Being ill as a child was sheer bliss. It meant fever and feeling a bit dizzy. An anxious and caring mother who didn't go to work and made you jelly and put mustard poultices on your back. Being ill meant that they read to you and when your temperature went down they'd let you have books, pencils and drawing paper in bed. Being ill meant drinking a nice sweet cough mixture prescribed by the district doctor Bukharin, the excellent children's doctor, a kindly and perpetually tired elderly woman, who disappeared suddenly and completely in the early fifties. I later learned that she had been arrested because of her unfortunate surname, although she had nothing whatever to do with that 'enemy of the people', the ex-leader Nikolai Bukharin.

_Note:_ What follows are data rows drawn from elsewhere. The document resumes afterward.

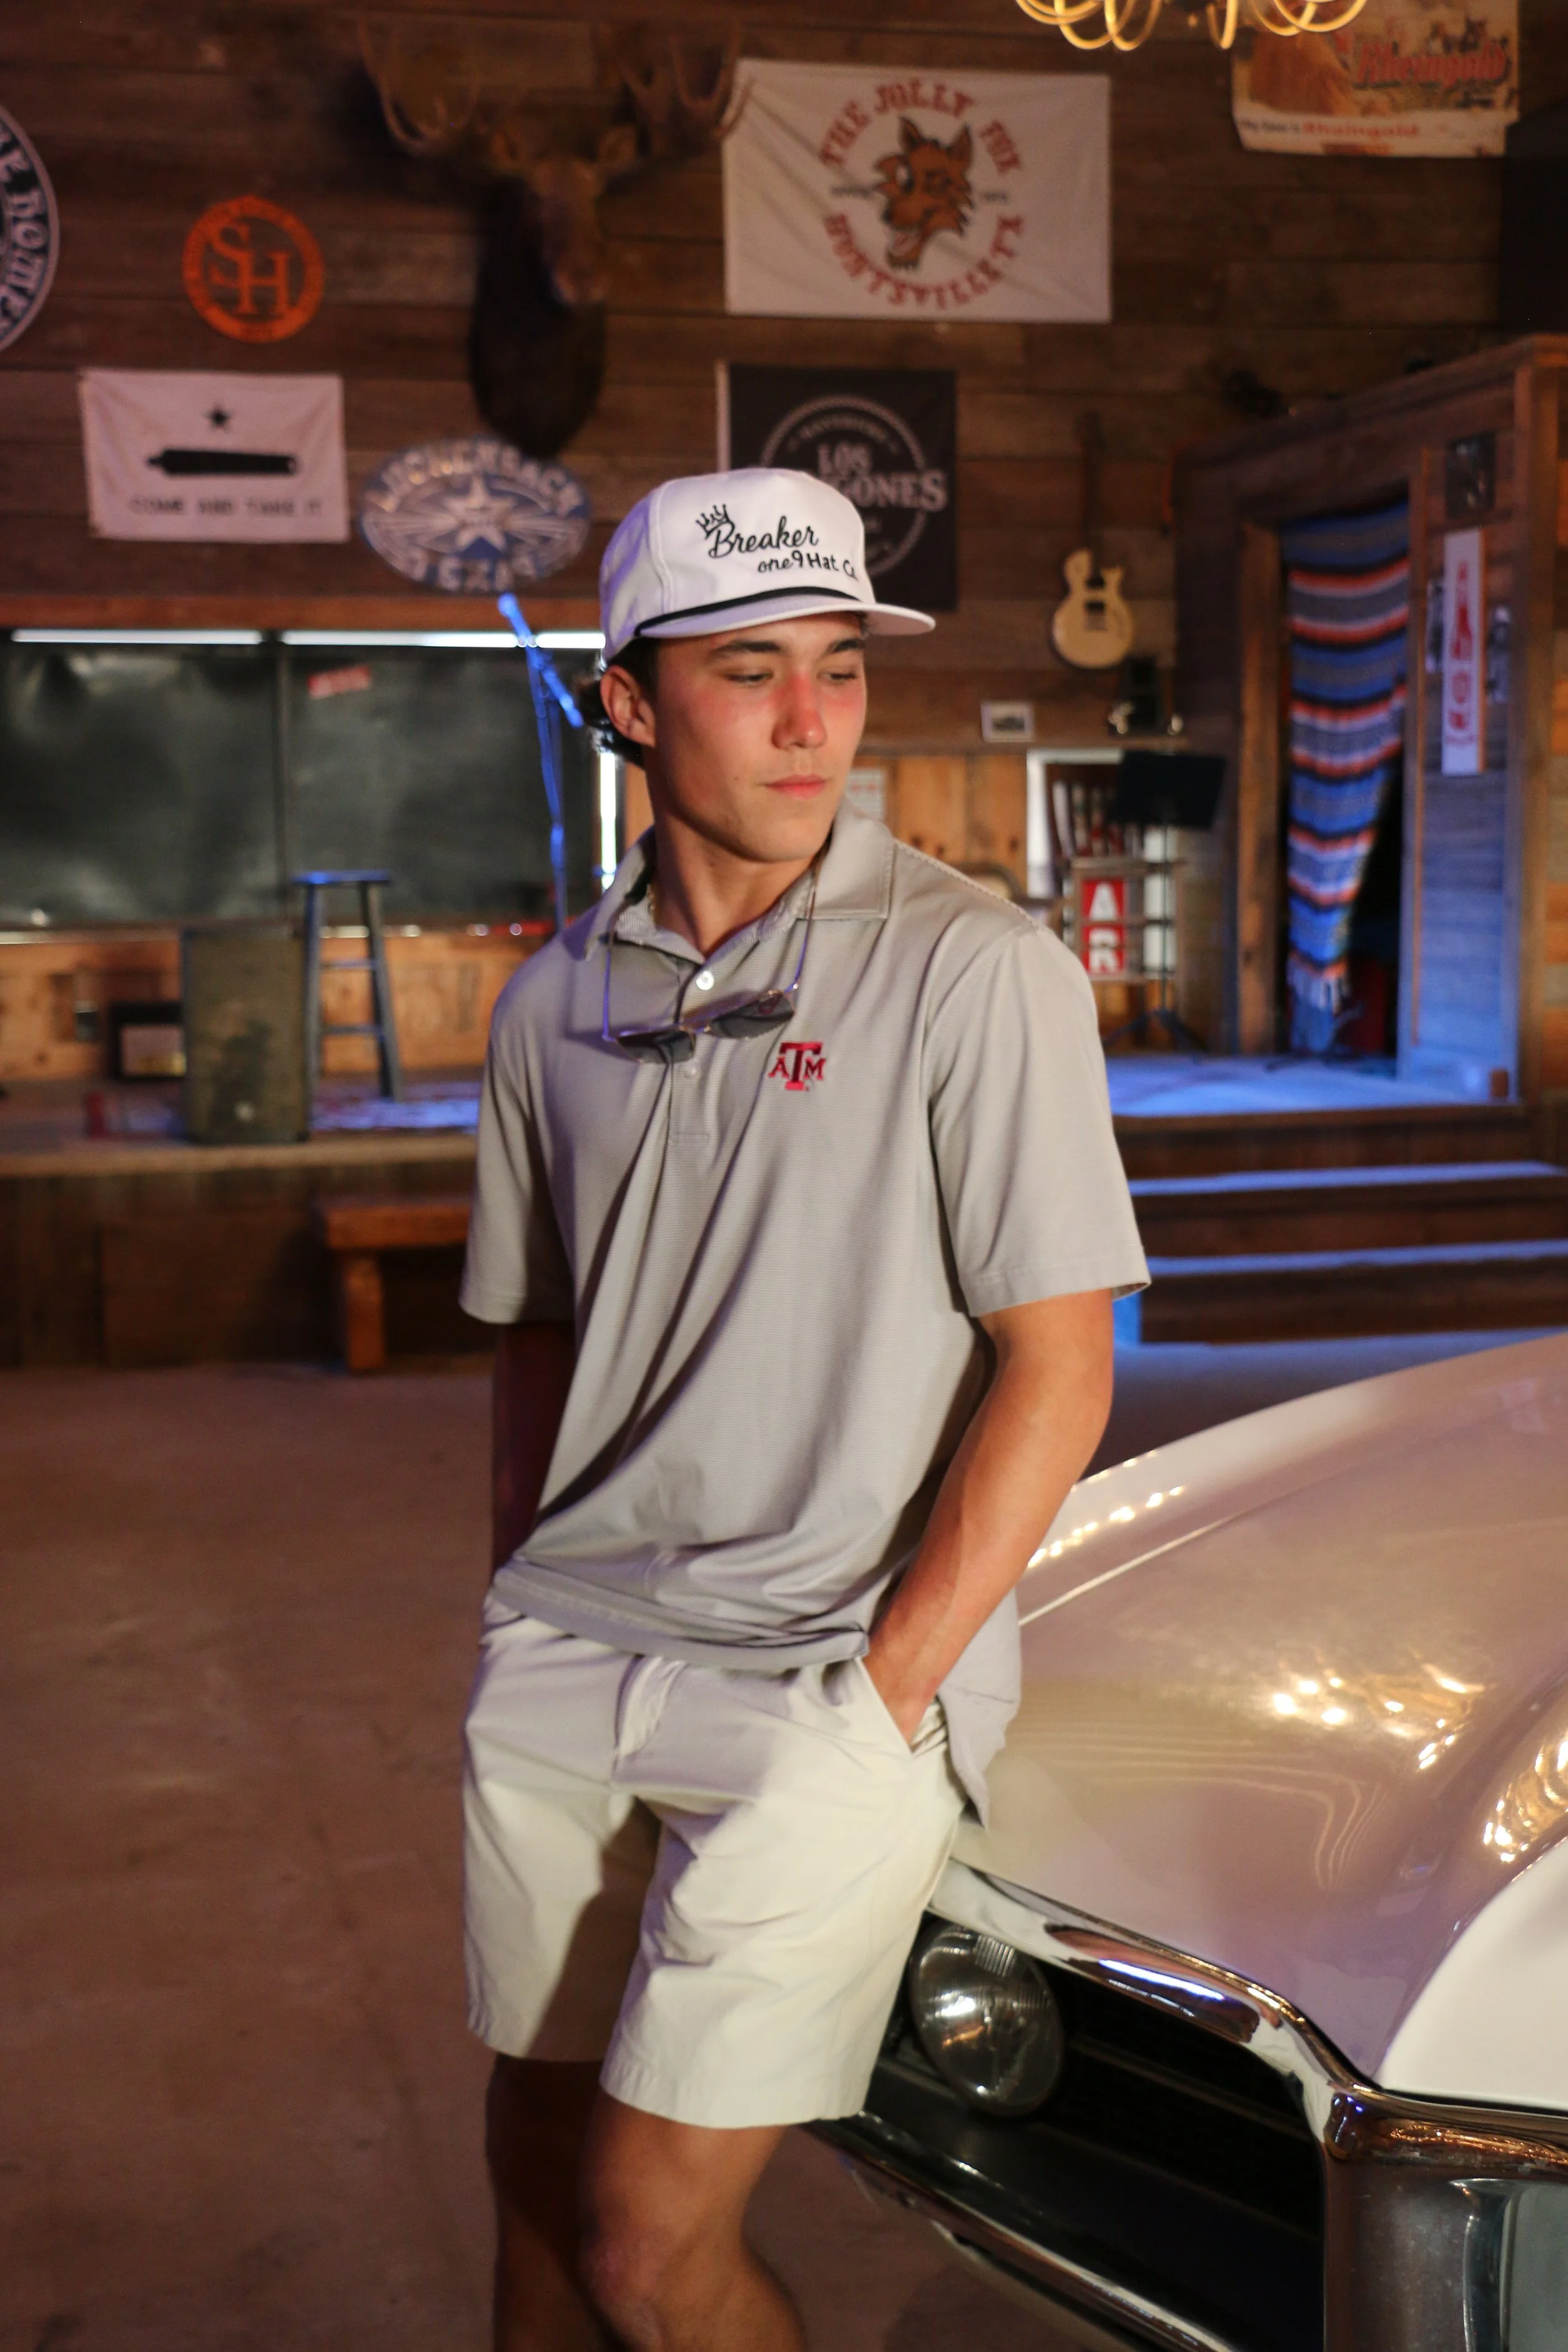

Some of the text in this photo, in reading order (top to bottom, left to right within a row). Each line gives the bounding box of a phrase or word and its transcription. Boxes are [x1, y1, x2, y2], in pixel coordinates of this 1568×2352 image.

[819, 100, 871, 167] THE
[874, 78, 975, 118] JOLLY
[707, 514, 819, 558] Breaker
[806, 553, 839, 571] Hat
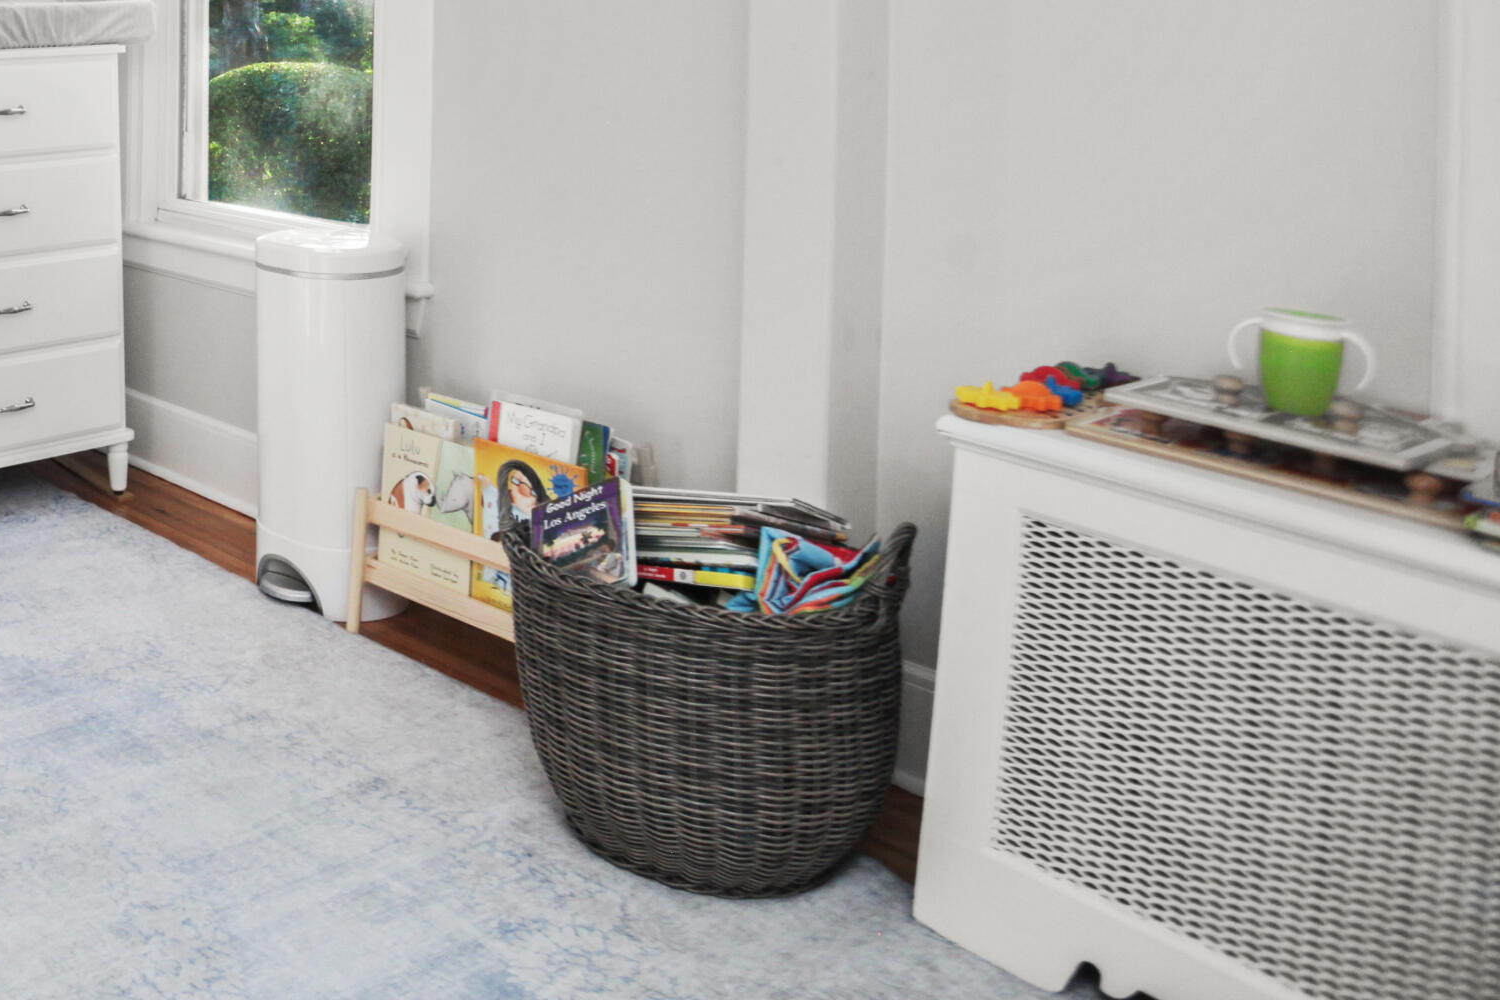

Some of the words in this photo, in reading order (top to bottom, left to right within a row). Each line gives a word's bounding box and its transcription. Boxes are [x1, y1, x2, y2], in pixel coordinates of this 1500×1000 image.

[524, 414, 566, 438] Grandpa
[545, 496, 573, 514] Good
[573, 485, 604, 503] Night
[543, 517, 562, 530] Los
[564, 501, 607, 523] Angeles

Trying to recall all the holiday entertainment made my head woozy. My favourite plays were The Twelve Months and The Blue Bird. I had seen them a hundred times and would gladly go again. What I liked best in The Blue Bird was the Other Kingdom and Running Nose played by a young woman with a big red nose who ran round the stage sneezing all the time. And in The Twelve Months I liked the storyteller in striped trousers. He came out before each act and jigged up and down in a funny way, chanting something like 'bim-bam-boogy, boogy-baziloogy'. I also remember a play called Snowflake that I saw with Granny at the Children's Theatre. Snowflake was a poor little black boy, oppressed and downtrodden. He was tormented and persecuted by the white Yankees in hateful America. How I wished I could save that little boy, spirit him away to Moscow, give him a nice warm home and comfort him!

What else did I see? I tried to reconstruct everything right from the beginning and suddenly saw clearly the school hall, the green spangled curtains and the large notice in flowery handwriting: Ali Baba and the Forty Thieves, the most interesting, desirable and inaccessible show of all, the forbidden fruit of my childhood.